24 neighborhood nonprofits share in $341K ‘Small and Mighty’ grants
The Black Urban Gardeners and Farmers of Pittsburgh Co-Op plans to spend a $15,000 infusion on expanding a neighborhood nutrition program and planning a co-op grocery store and farmers market in Homestead.
Raising Achievement in Monroeville and Pitcairn, a volunteer-led organization known as RAMP, plans to offer $1,000 stipends to 15 teachers who provide one-on-one tutoring to students in the Gateway School District.
Anchorpoint Counseling Ministry plans to spend a $6,760 boost on a new support group for single moms and help with family meals and child care in Bellevue.
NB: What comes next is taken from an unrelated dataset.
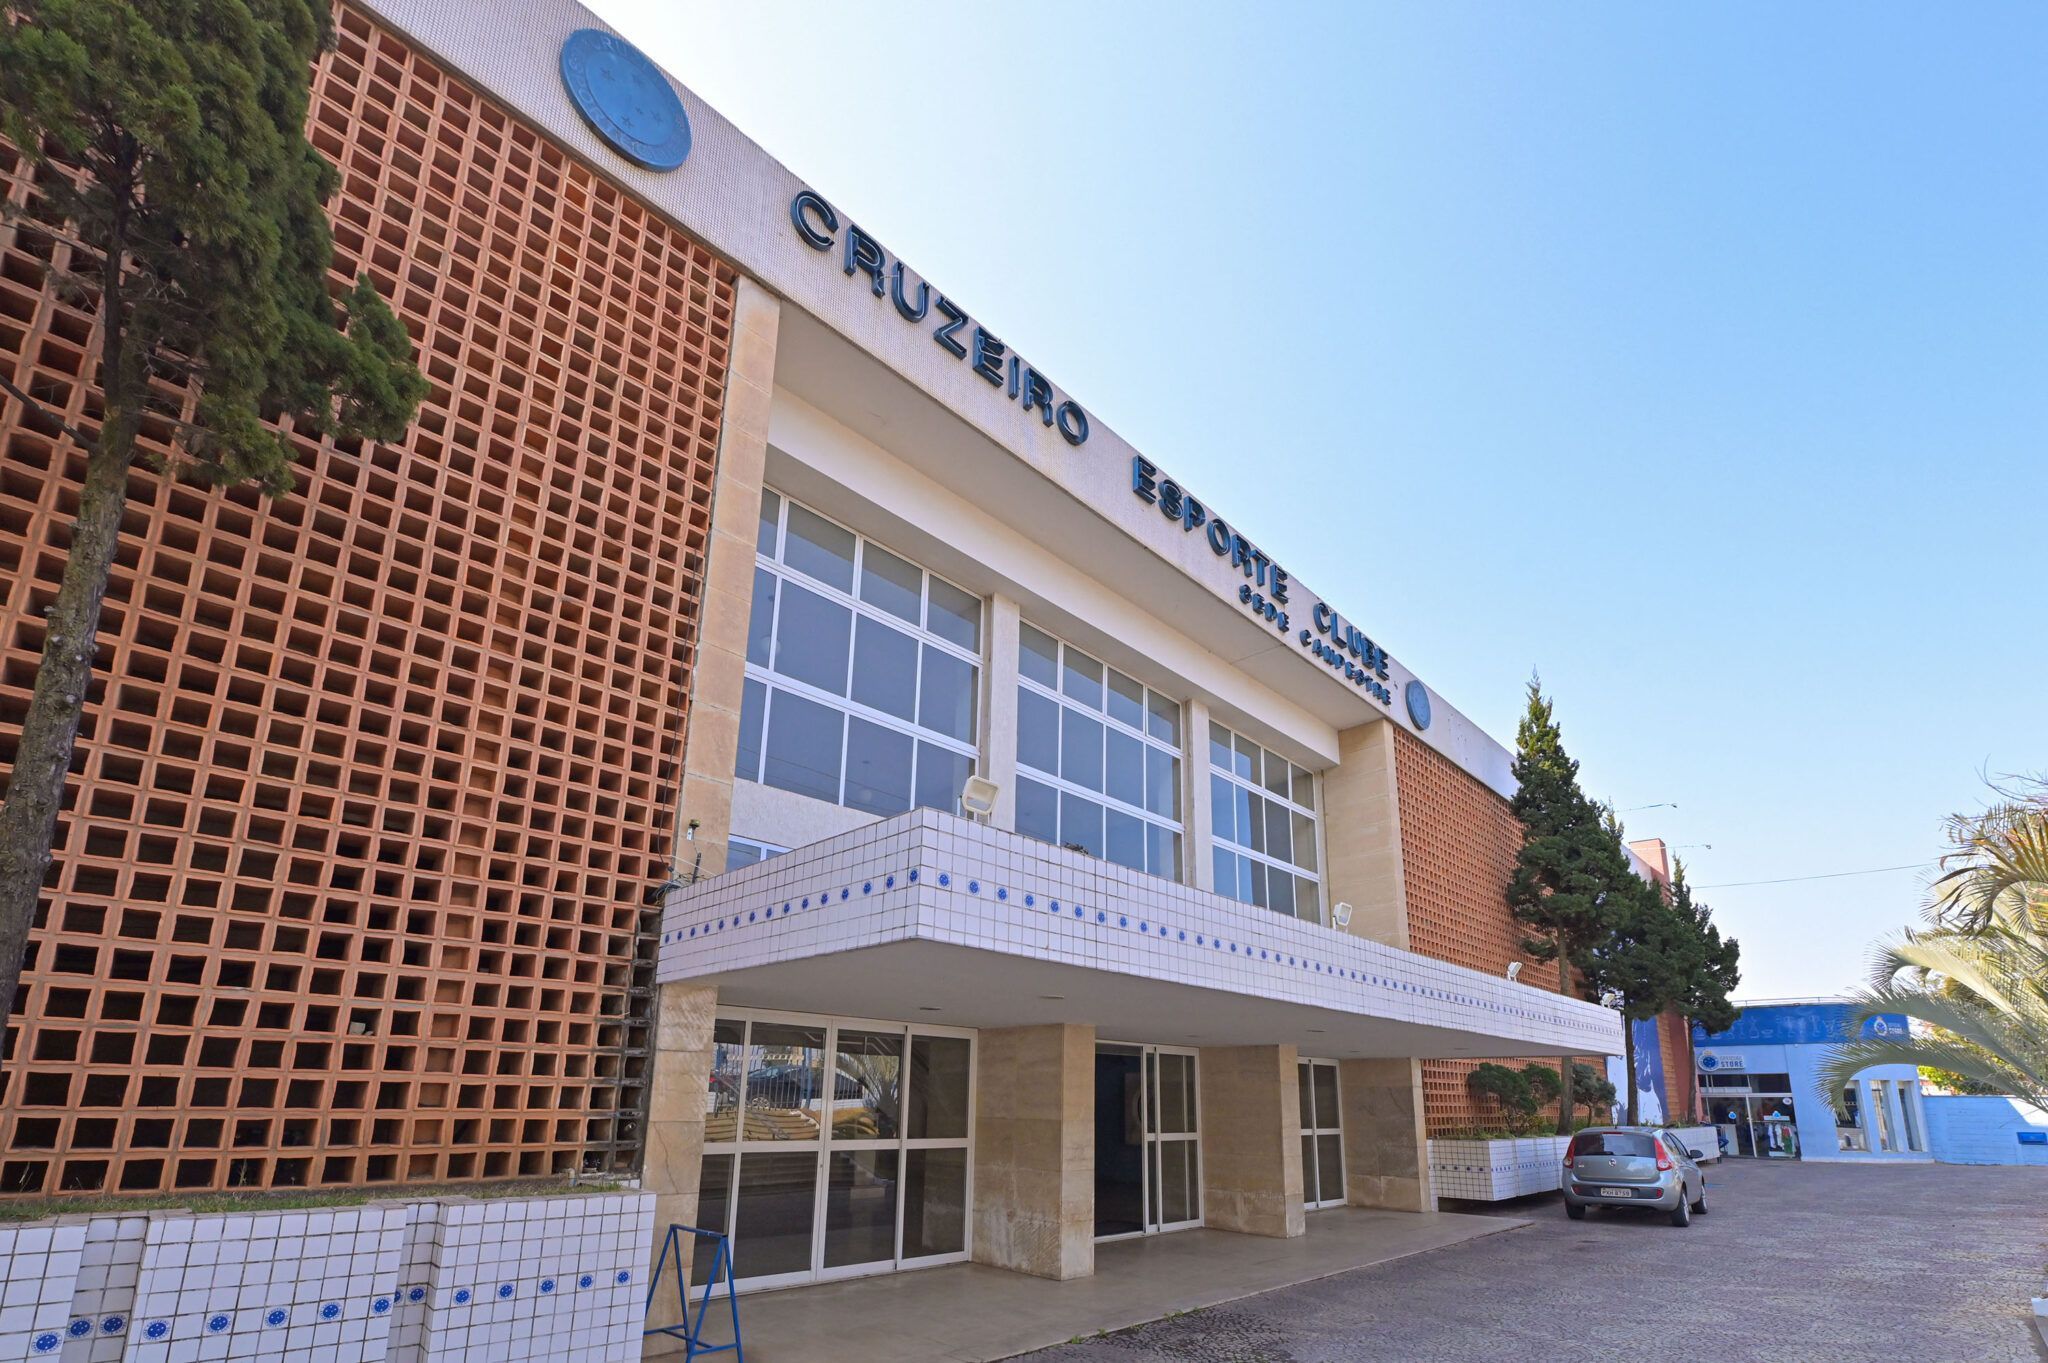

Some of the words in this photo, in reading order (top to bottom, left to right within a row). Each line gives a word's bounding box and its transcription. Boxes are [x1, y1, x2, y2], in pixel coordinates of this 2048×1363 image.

The charitable groups are among 24 nonprofits serving Allegheny County that will share in a newly announced round of grants totaling $341,000 through The Pittsburgh Foundation’s “Small and Mighty” program — a funding mechanism available to small to mid-sized nonprofits that demonstrate community-impact bang for their charitable buck.
Small grants, big impact
To qualify, nonprofits must have annual budgets of $600,000 or less and serve residents in economically disadvantaged communities, with an emphasis on youths and young adults, single women raising children and racial and ethnic groups disproportionately affected by poverty.
“Each Small and Mighty grantee has a track record for being savvy and innovative in developing opportunities for those most in need of access to Pittsburgh’s revitalized economy,” The Pittsburgh Foundation President and CEO Maxwell King said in a statement.
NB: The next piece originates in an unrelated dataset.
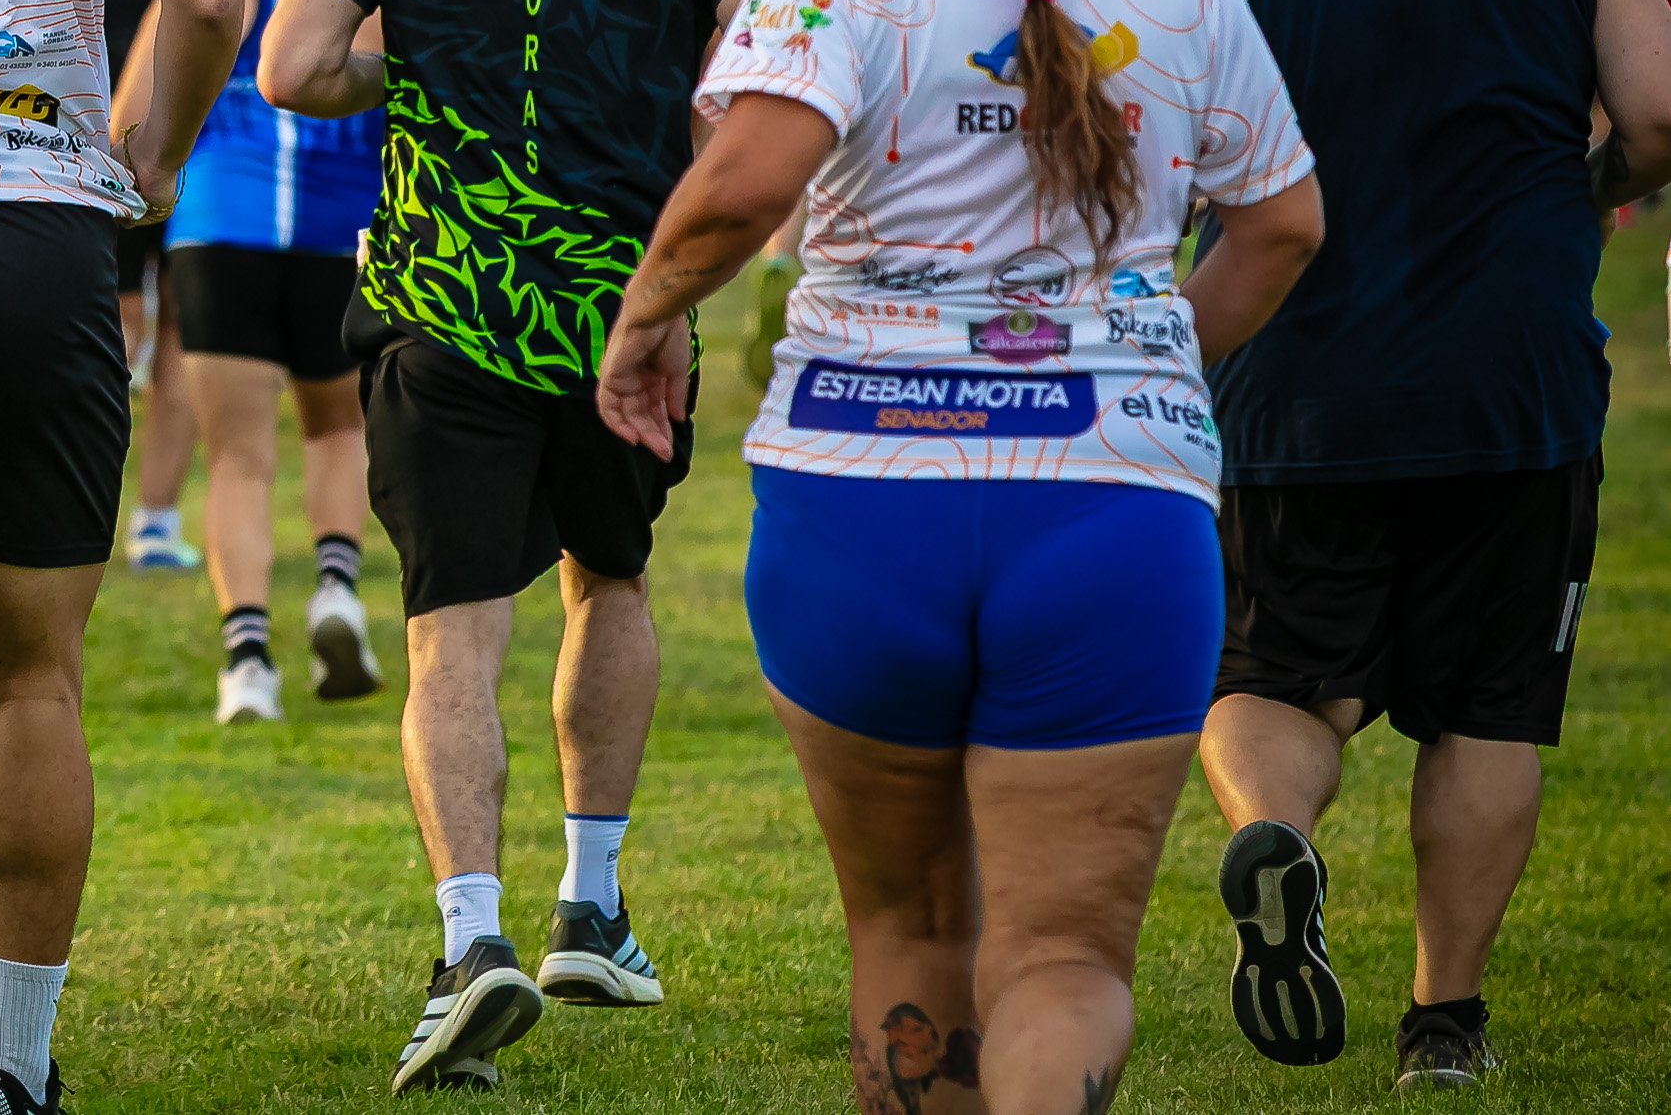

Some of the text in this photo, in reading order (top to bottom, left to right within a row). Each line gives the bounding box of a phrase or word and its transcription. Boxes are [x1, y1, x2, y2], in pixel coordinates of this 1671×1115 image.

[810, 370, 1070, 408] ESTEBAN MOTTA
[874, 408, 989, 430] SENADOR
Eighty percent of Small and Mighty grant recipients help with basic needs, such as food, housing, education, child care and health care, foundation officials said. Sixty-three percent are minority-led.
Kitchen of Grace Inc., based in the Marshall-Shadeland section of Pittsburgh’s North Side, won a $15,000 grant to recruit instructors and expand efforts to provide food and hospitality workforce skills to at-risk youths and young adults, ages 16 to 20.
The grant program is a piece to the foundation’s broader “100 Percent Pittsburgh” initiative, which seeks to ensure Western Pennsylvanians of all incomes and neighborhoods share in the region’s revitalization. The initiative kicked off in 2016 by focusing on improving the lives, education and housing situations of children and single women raising families.
The foundation’s Small and Mighty grant program has disbursed nearly $900,000 in grants since its inaugural funding round in 2016.